The U.S. dairy supply chain operates in a highly regulated environment which covers both locally produced goods as well as imported products. The food safety and security framework is in place to ensure that consumers are protected from harmful products entering the supply chain. Beyond environmental stewardship, production areas of animal care, labor welfare and antibiotic use are key areas of interest. There is a growing need for higher level documentation and continuous improvement in these areas to bolster awareness of industry implementation of best practices and maintain confidence.
California dairy producers are known for being proactive and leading the country in their efforts to continue to provide safe and nutritious foods to the local and world-wide markets. As such, CDRF funds projects that address the important risk management issues of animal care (best practices and disease management), food safety (e.g. managing product residues) and biosecurity (prevention and preparation for a biosecurity event). The emphasis within this focus area is outreach to ensure on-farm risk awareness and adoption of best practices. CDRF continues to work through CDQAP and other appropriate projects to provide local support for programs such as the National Dairy Farmers Assuring Responsible Management (FARM) Program.
See below for current project details.
2020 - 2024 Protection, Restoration, and Enhancement of Tricolored Blackbird Habitat on Agricultural Lands
OBJECTIVE:Tricolored blackbirds are America’s most colonial land bird. They nest in very large groups and dairy forage crops provide an ideal location for the birds to build nests.
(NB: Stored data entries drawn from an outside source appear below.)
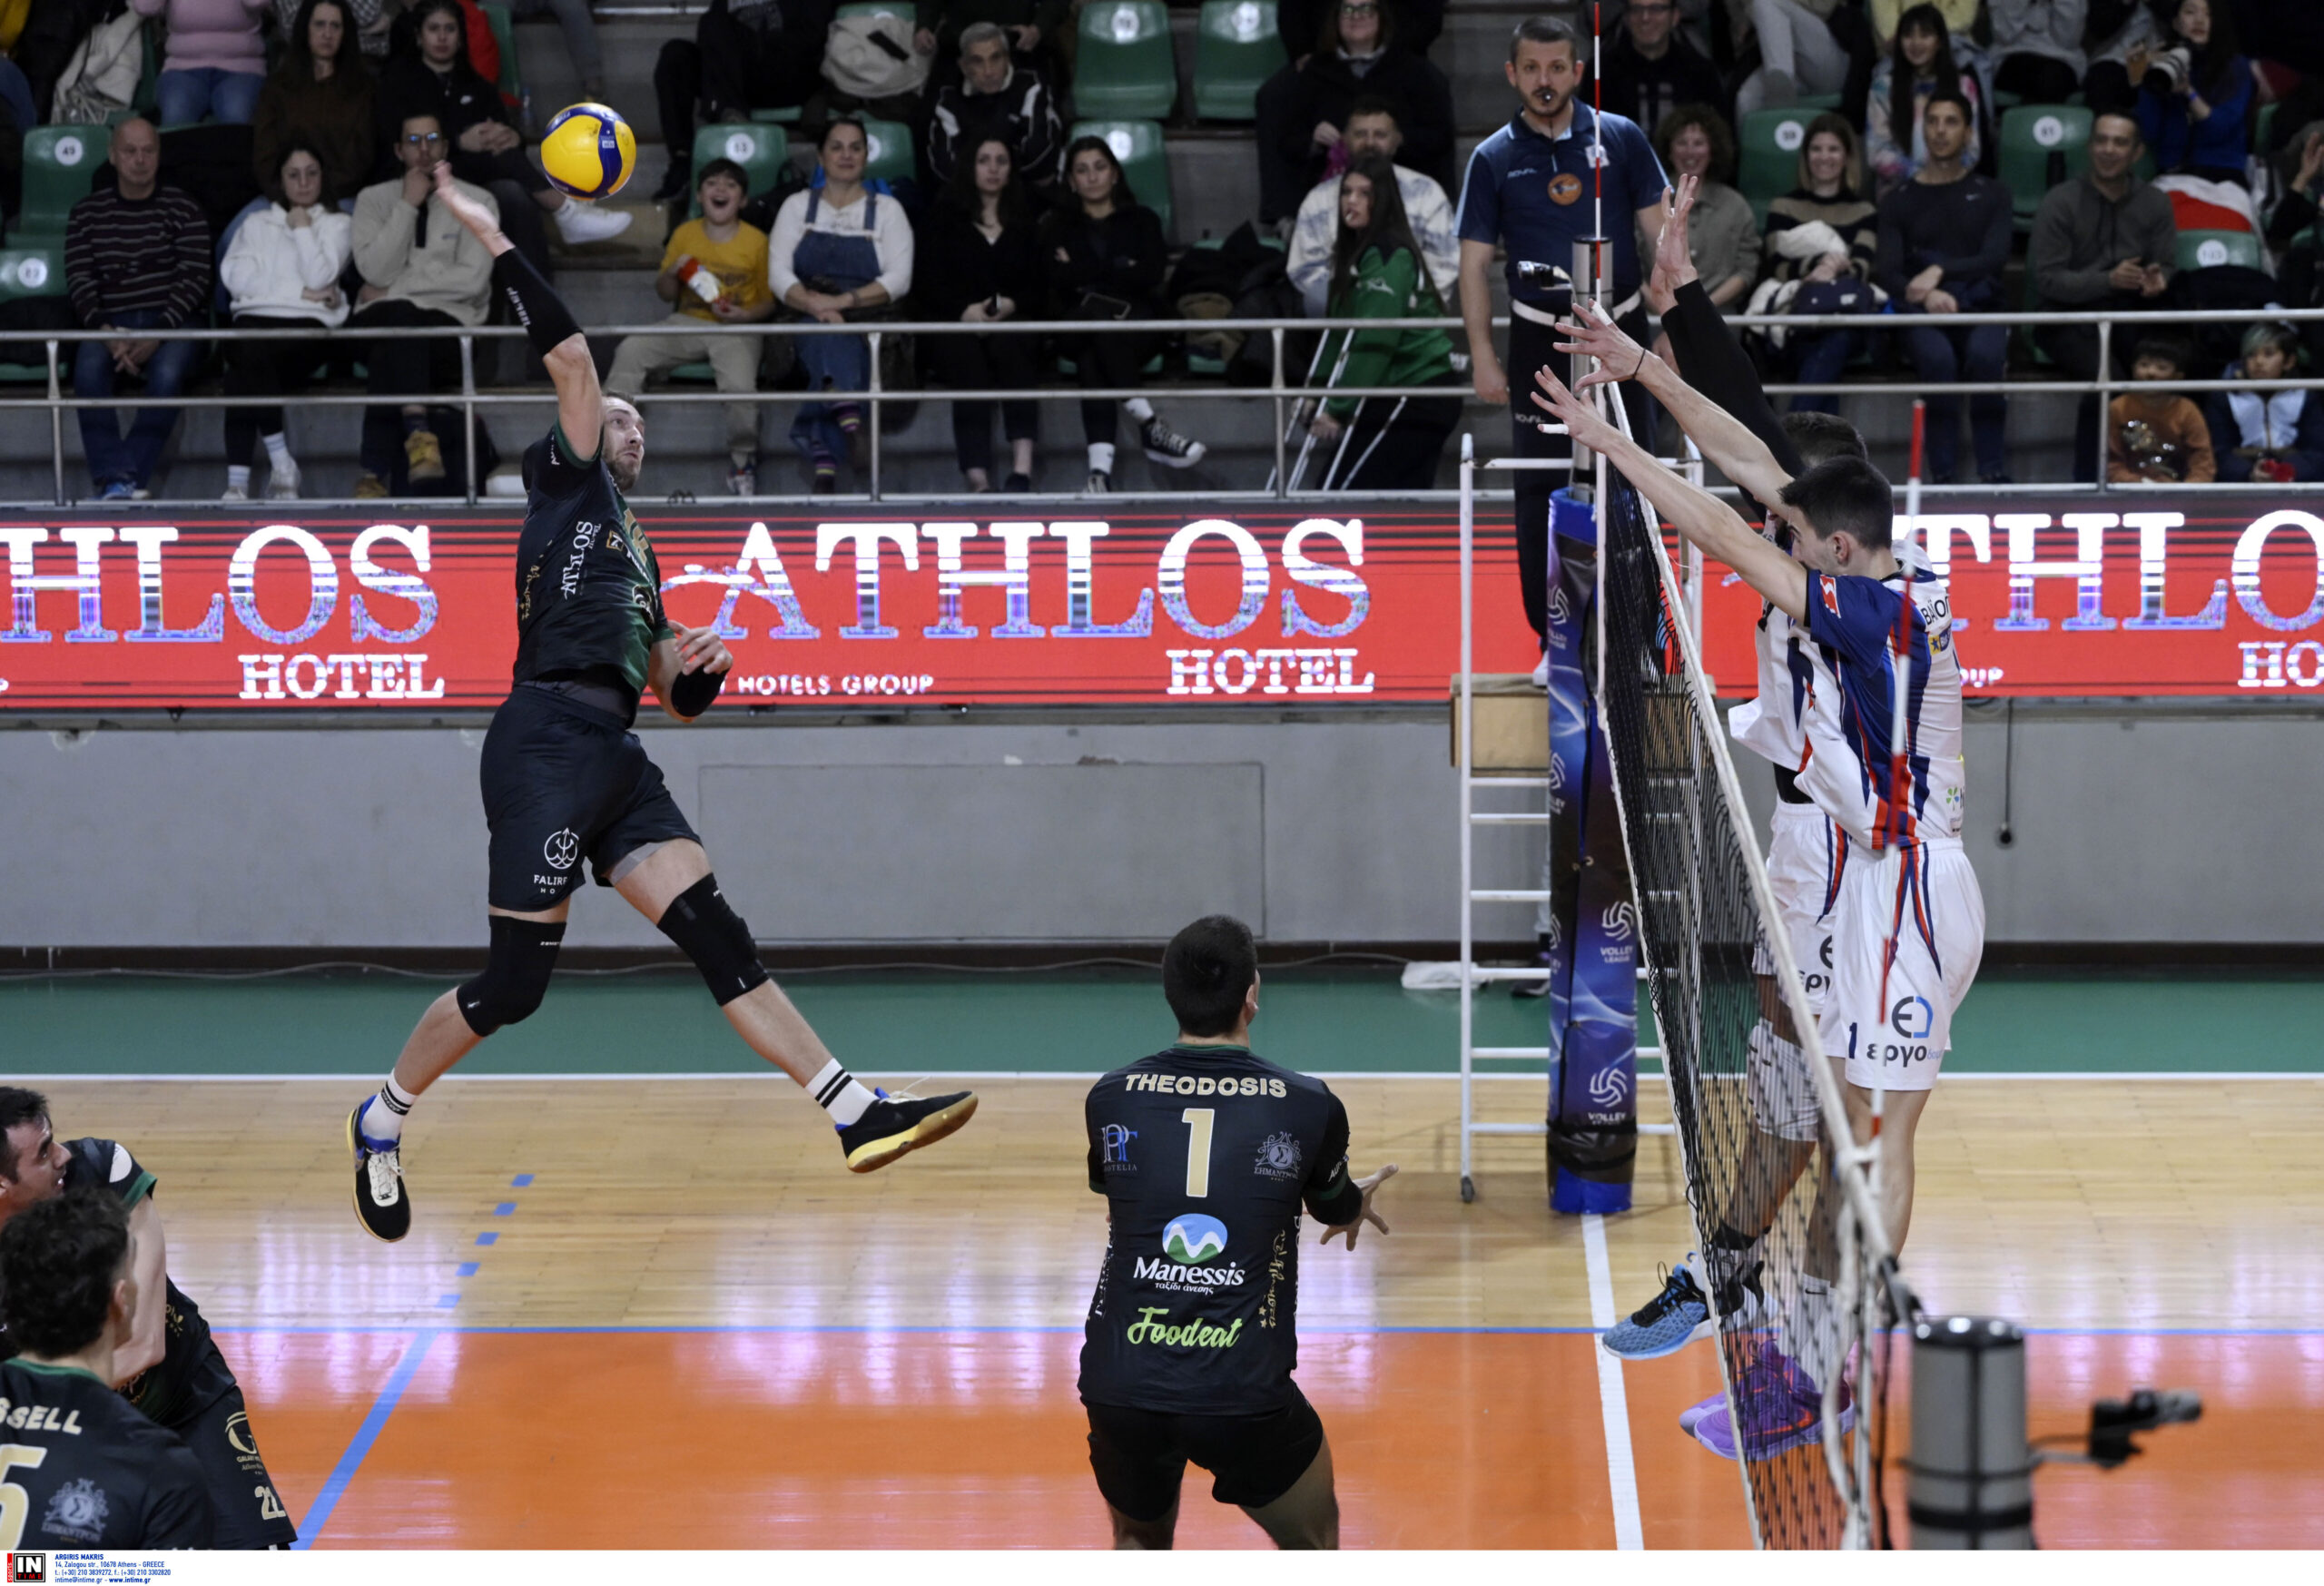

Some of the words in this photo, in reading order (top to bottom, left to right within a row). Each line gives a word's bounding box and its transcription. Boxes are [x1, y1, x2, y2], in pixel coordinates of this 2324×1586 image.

[662, 519, 1370, 639] ATHLOS
[1893, 509, 2324, 631] THLO
[238, 653, 445, 699] HOTEL
[738, 675, 831, 694] HOTELS
[842, 675, 933, 694] GROUP
[1166, 647, 1374, 694] HOTEL
[1600, 945, 1633, 956] VOLLEY
[1126, 1074, 1287, 1098] THEODOSIS
[1588, 1112, 1626, 1122] VOLLEY
[1181, 1108, 1216, 1197] 1
[1133, 1256, 1246, 1286] Manessis
[1155, 1281, 1181, 1291] ταξίδι
[1183, 1283, 1214, 1295] άνεσης
[1127, 1306, 1243, 1348] Foodeat
This 5-year project aims to support research that will explore ways to draw tricolored blackbirds to non-dairy habitats or otherwise minimize financial losses to dairy farms.
OBJECTIVE: To identify sources of microbial contaminants in whey powder to determine whether milk is the main source of these contaminants, or if contamination occurs in transport, processing, or storage environments. Determine microbial genotypes consistent with increased survival in whey powder to identify control points that may be used to minimize microbial survival and contamination of whey powder produced in California.
OBJECTIVE: The aim of this 5-year project is to save electricity and water though the development of a novel control algorithm for the fans and sprayers used to cool cows at commercial California dairies; to develop and test additional features, such as integration of weather forecasts to predict the amount of cooling needed for the day and to operate systems earlier if needed to decrease total water use and avoid heat stress during peak temperatures.
2023 - 2026 Composting as an Economical and Sustainable Emergency Animal Mortality Management Option
OBJECTIVE: The primary goal of the project is to measure or estimate what potential impacts, if any, occur to groundwater, surface water and air quality when proper carcass compost methodologies are implemented. A secondary goal of the project is to develop mitigation procedures and best management practices for poultry and livestock composting when rendering services have been disrupted or are otherwise unavailable. Test sites at various locations throughout California will be developed and monitored. Studies performed will include: 1) continuous, real-time temperature, salinity and moisture content of piles, 2) pathogen reduction during composting, 3) infiltration of nutrients into soil, 4) nutrient/heavy metal content of feedstock and finished compost, and 5) air quality emissions during the life-span of the compost piles.